Visitors can opt for a guided kayak tour of Lake Mendenhall, where you can kayak between floating icebergs and experience the serenity of the Tongass National Forest for the water. Tours allow paddlers to view the glacier from a safe distance while learning more about the history and nature of the area from the knowledgeable guide. Keep an eye out for otters, beavers and bears as they are frequent visitors along the shores of Lake Mendenhall.
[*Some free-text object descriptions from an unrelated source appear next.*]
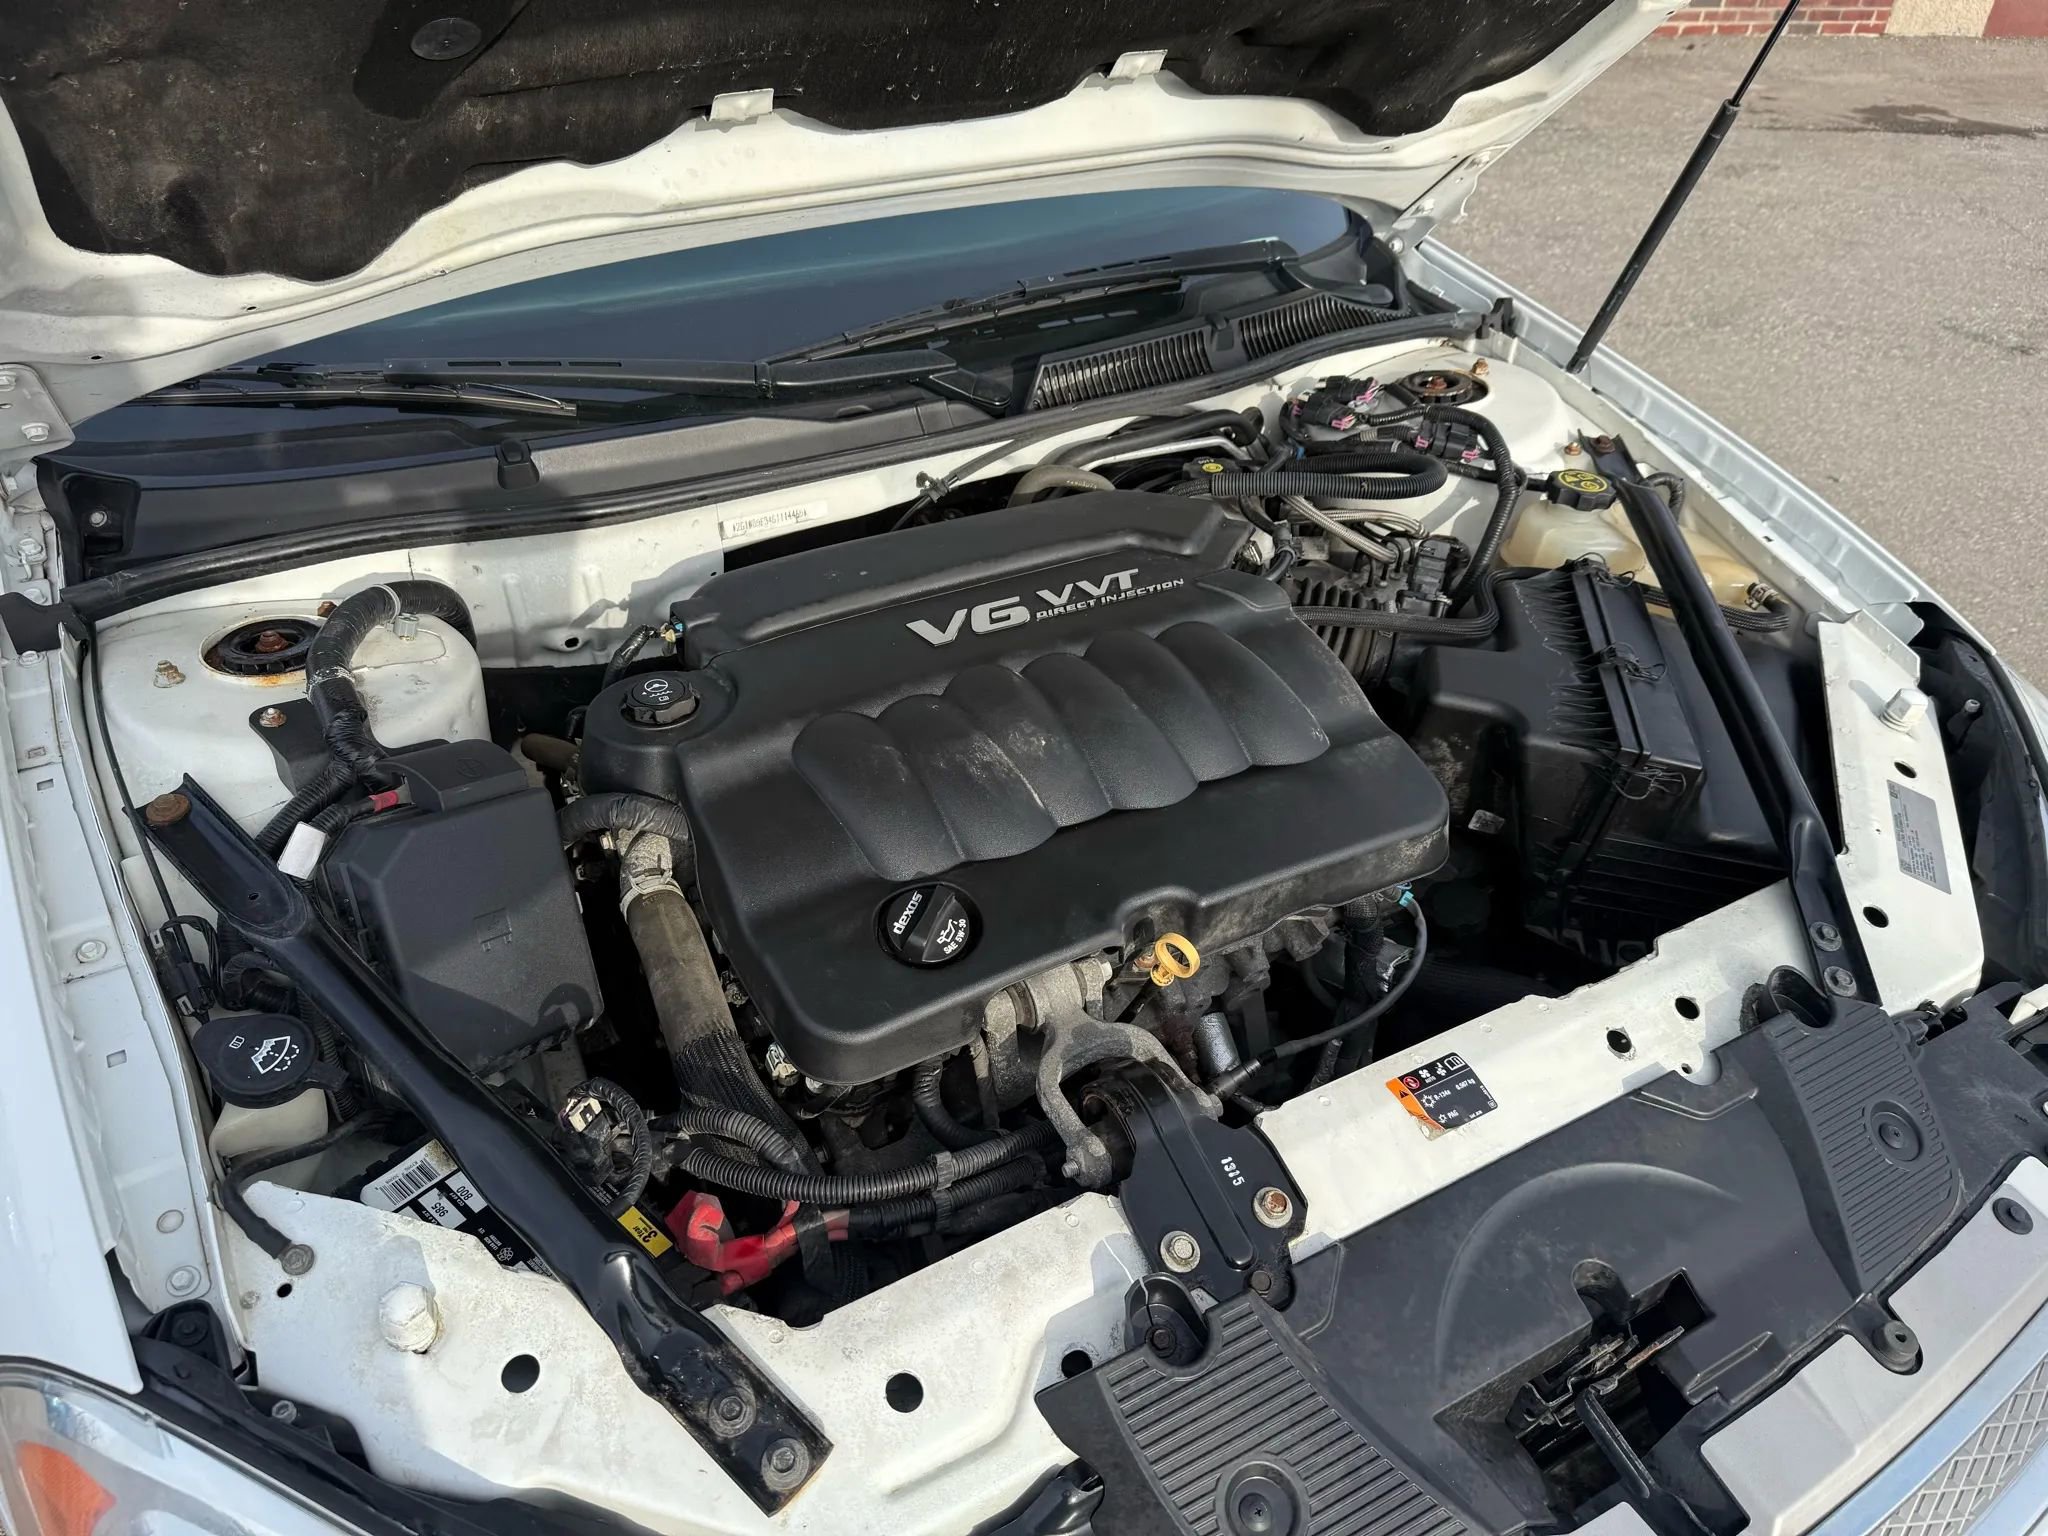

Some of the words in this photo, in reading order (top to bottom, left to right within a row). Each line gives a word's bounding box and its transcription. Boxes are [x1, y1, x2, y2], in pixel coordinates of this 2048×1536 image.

[905, 596, 1031, 647] V6
[1036, 568, 1139, 606] VVT
[1036, 598, 1097, 622] DIRECT
[1101, 578, 1184, 606] INJECTION
[892, 890, 924, 935] dexos
[943, 942, 958, 955] SAE
[955, 918, 967, 943] 5W-30
[1447, 1109, 1459, 1119] PAG
[1221, 1156, 1246, 1187] 1315
[456, 1185, 474, 1201] 800
[431, 1201, 449, 1218] 985
[632, 1226, 645, 1239] Year
[642, 1230, 658, 1243] 3
Permits are required to paddle near the glacier, so opting for a guide makes this trip easier and safer. The guides also provide all the necessary equipment. Although a certain level of fitness is required to participate in the 2-hour adventure, visitors do not need to be expert kayakers. Guides provide kayaking tips and lessons, and the lake remains calm on sunny days.
If kayaking seems too extreme, visitors can also enjoy the Mendenhall Glacier on a charter cruise. Helicopter tours are also often if you want to see the glacier from the sky. Both of these experiences are physically easier, but they lack the serenity only found with a paddle.
local council: If you are limited in time, you can also view the glacier from the Mendenhall Glacier Visitor Center.
If you have more time to explore, consider a hike to Nugget Falls from the Visitor Center. This trail will take you close to the glacier as well as Nugget Falls Lookout, a 377-foot waterfall plunging into the lake.
Just look for the visitor center signs pointing to the falls. The 2 mile hike is level and on gravel, making it the perfect option for families.